[Saved entries]
******************************
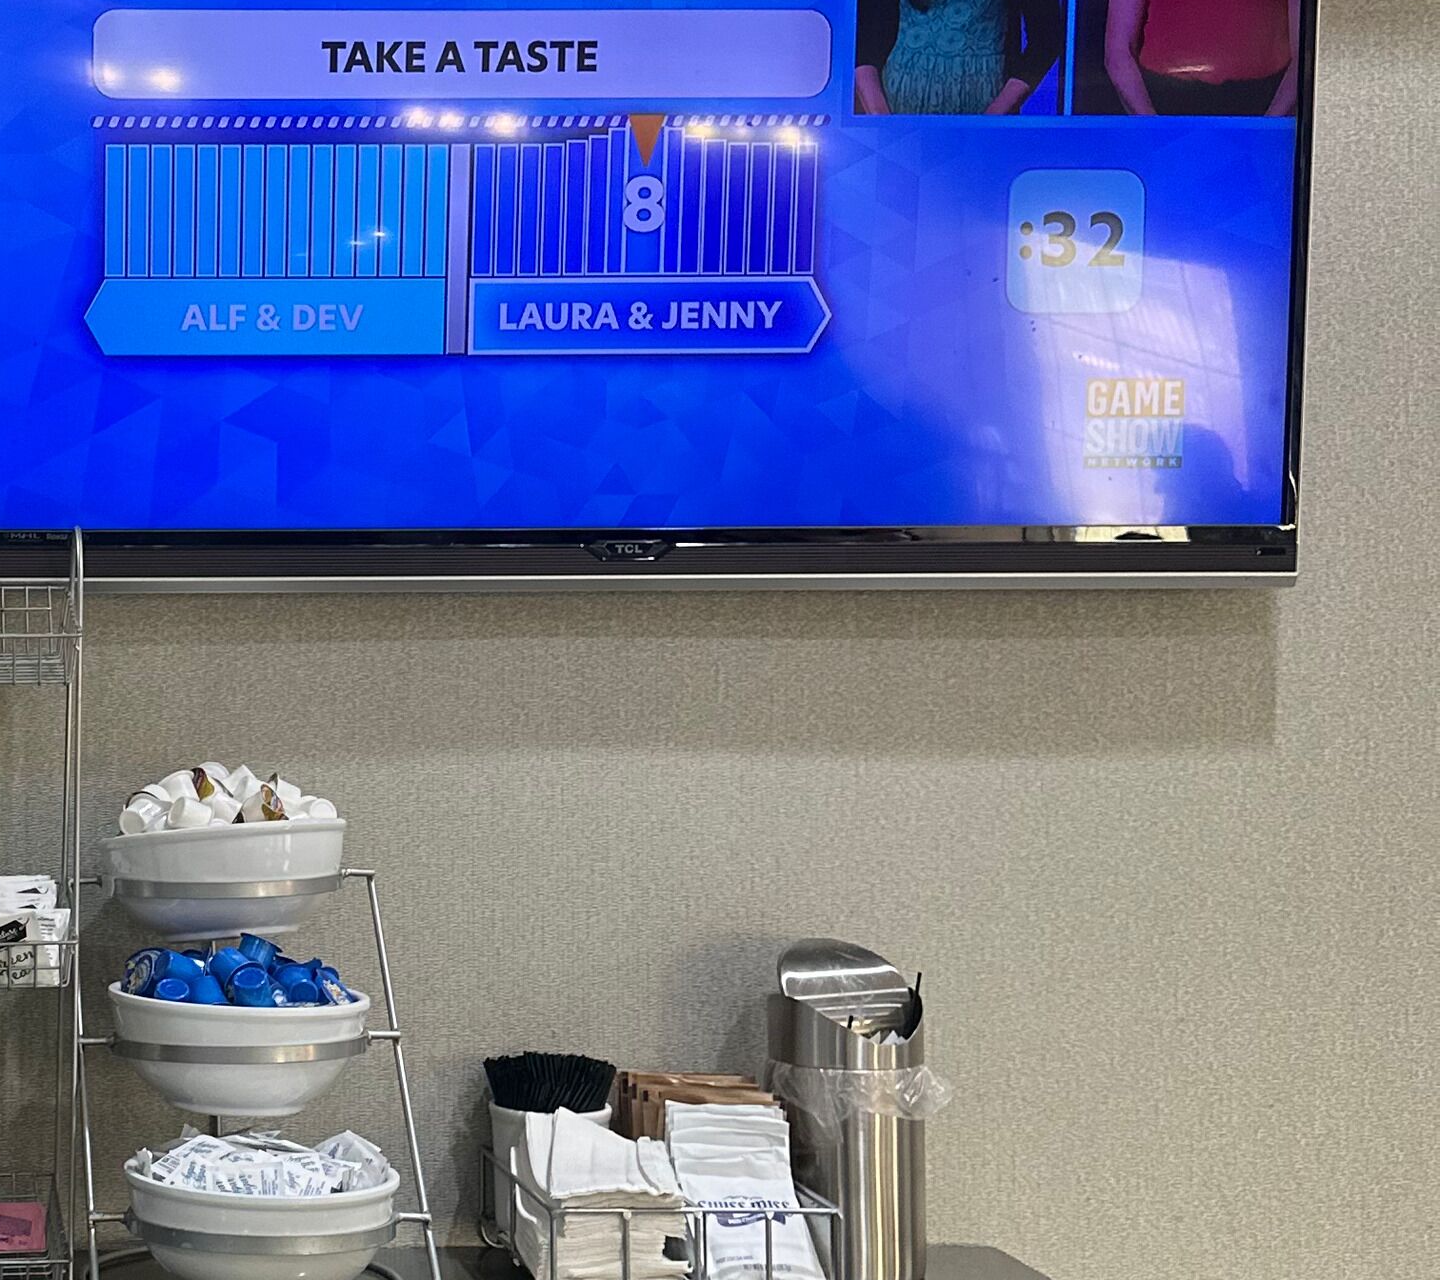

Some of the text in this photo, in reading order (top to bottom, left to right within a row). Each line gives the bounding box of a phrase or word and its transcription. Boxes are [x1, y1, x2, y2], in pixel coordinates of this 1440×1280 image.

[321, 40, 599, 74] TAKE A TASTE
[623, 174, 664, 233] 8
[181, 302, 365, 334] ALF & DEV
[498, 300, 783, 333] LAURA & JENNY
[1086, 380, 1183, 417] GAME
[1085, 418, 1182, 455] SHOW
[614, 543, 644, 554] TCL
******************************
WHAT THE TASK REQUIRES: The task calls for every record to be transcribed exactly, with no images included.

WRITTEN REPLY:
Some of the text in this photo, in reading order (top to bottom, left to right within a row). Each line gives the bounding box of a phrase or word and its transcription. Boxes are [x1, y1, x2, y2], in pixel coordinates of this 1440×1280 image.

[321, 40, 599, 74] TAKE A TASTE
[623, 174, 664, 233] 8
[181, 302, 365, 334] ALF & DEV
[498, 300, 783, 333] LAURA & JENNY
[1086, 380, 1183, 417] GAME
[1085, 418, 1182, 455] SHOW
[614, 543, 644, 554] TCL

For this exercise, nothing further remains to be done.